> **What you are asked to do**
Set every line of the data down again exactly, and keep the pictures out.

[Extracted records]
== Segment start ==
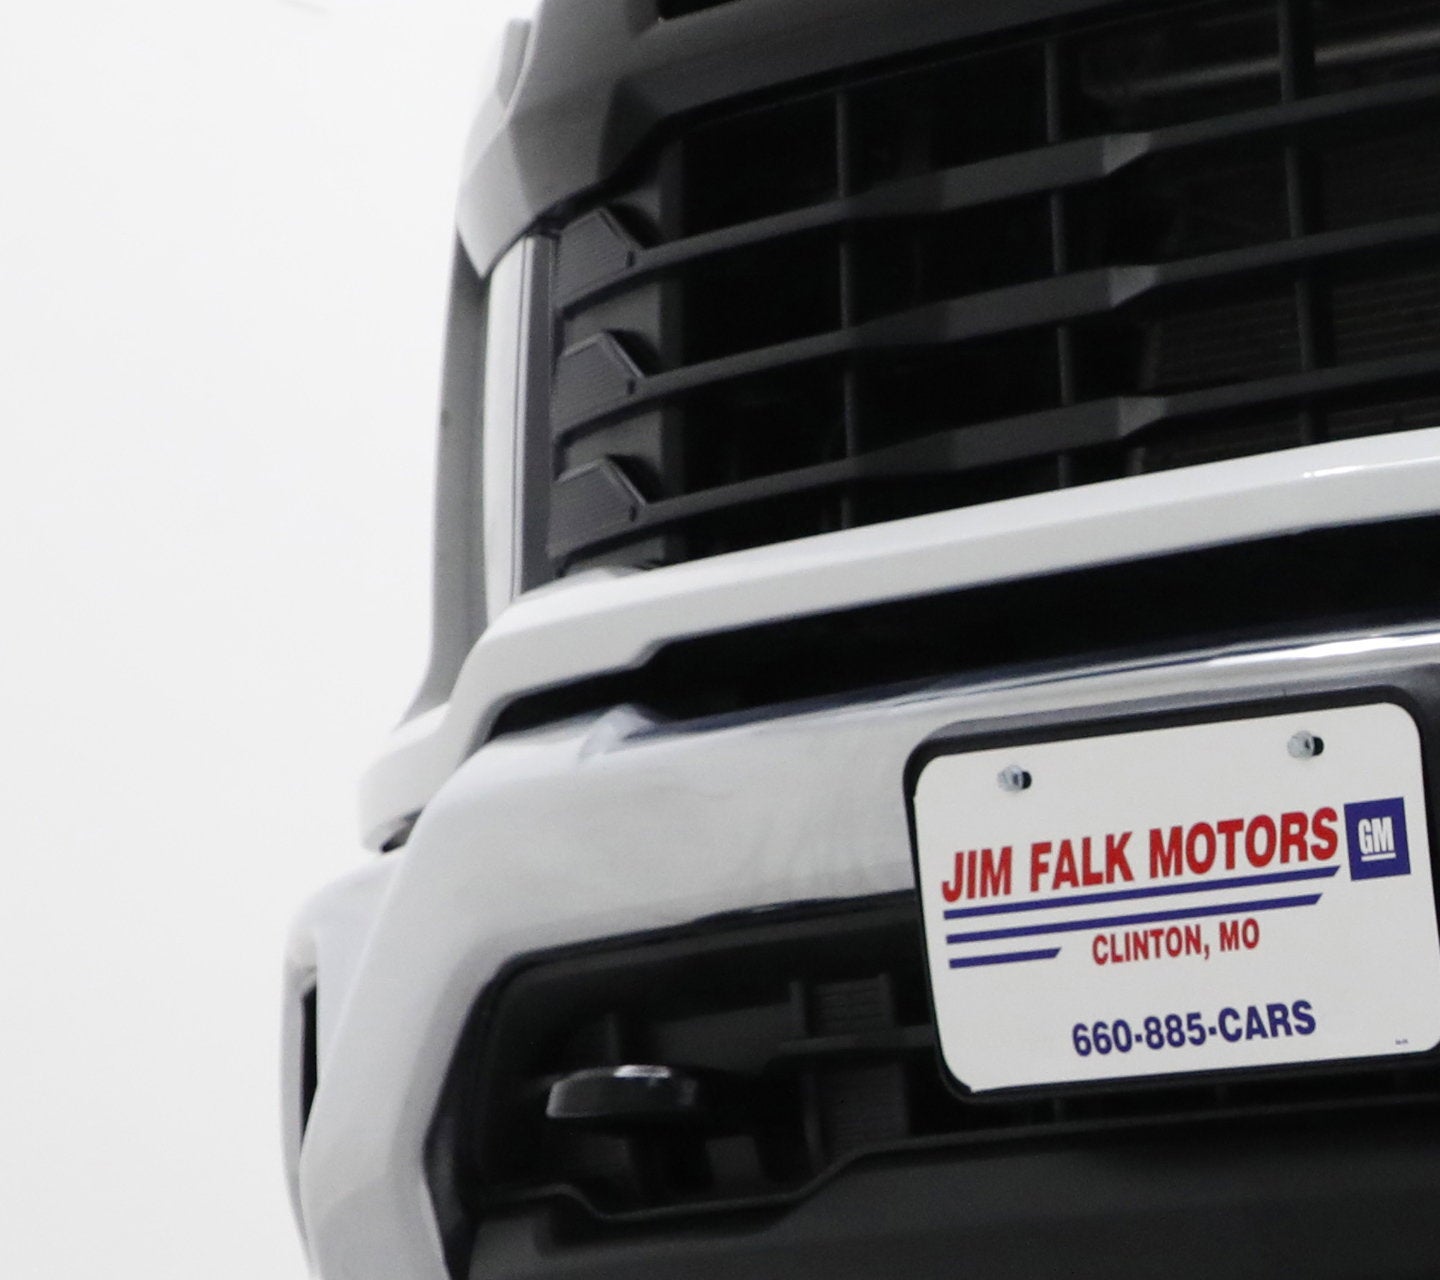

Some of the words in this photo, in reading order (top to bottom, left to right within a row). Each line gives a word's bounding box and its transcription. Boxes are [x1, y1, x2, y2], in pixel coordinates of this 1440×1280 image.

[941, 846, 1014, 904] JIM
[1030, 832, 1135, 893] FALK
[1148, 806, 1339, 879] MOTORS
[1358, 815, 1395, 855] GM
[1092, 926, 1211, 966] CLINTON,
[1219, 917, 1260, 952] MO
[1072, 1000, 1317, 1057] 660-885-CARS
== Segment end ==
> **Solution for this task**
Some of the words in this photo, in reading order (top to bottom, left to right within a row). Each line gives a word's bounding box and its transcription. Boxes are [x1, y1, x2, y2], in pixel coordinates of this 1440×1280 image.

[941, 846, 1014, 904] JIM
[1030, 832, 1135, 893] FALK
[1148, 806, 1339, 879] MOTORS
[1358, 815, 1395, 855] GM
[1092, 926, 1211, 966] CLINTON,
[1219, 917, 1260, 952] MO
[1072, 1000, 1317, 1057] 660-885-CARS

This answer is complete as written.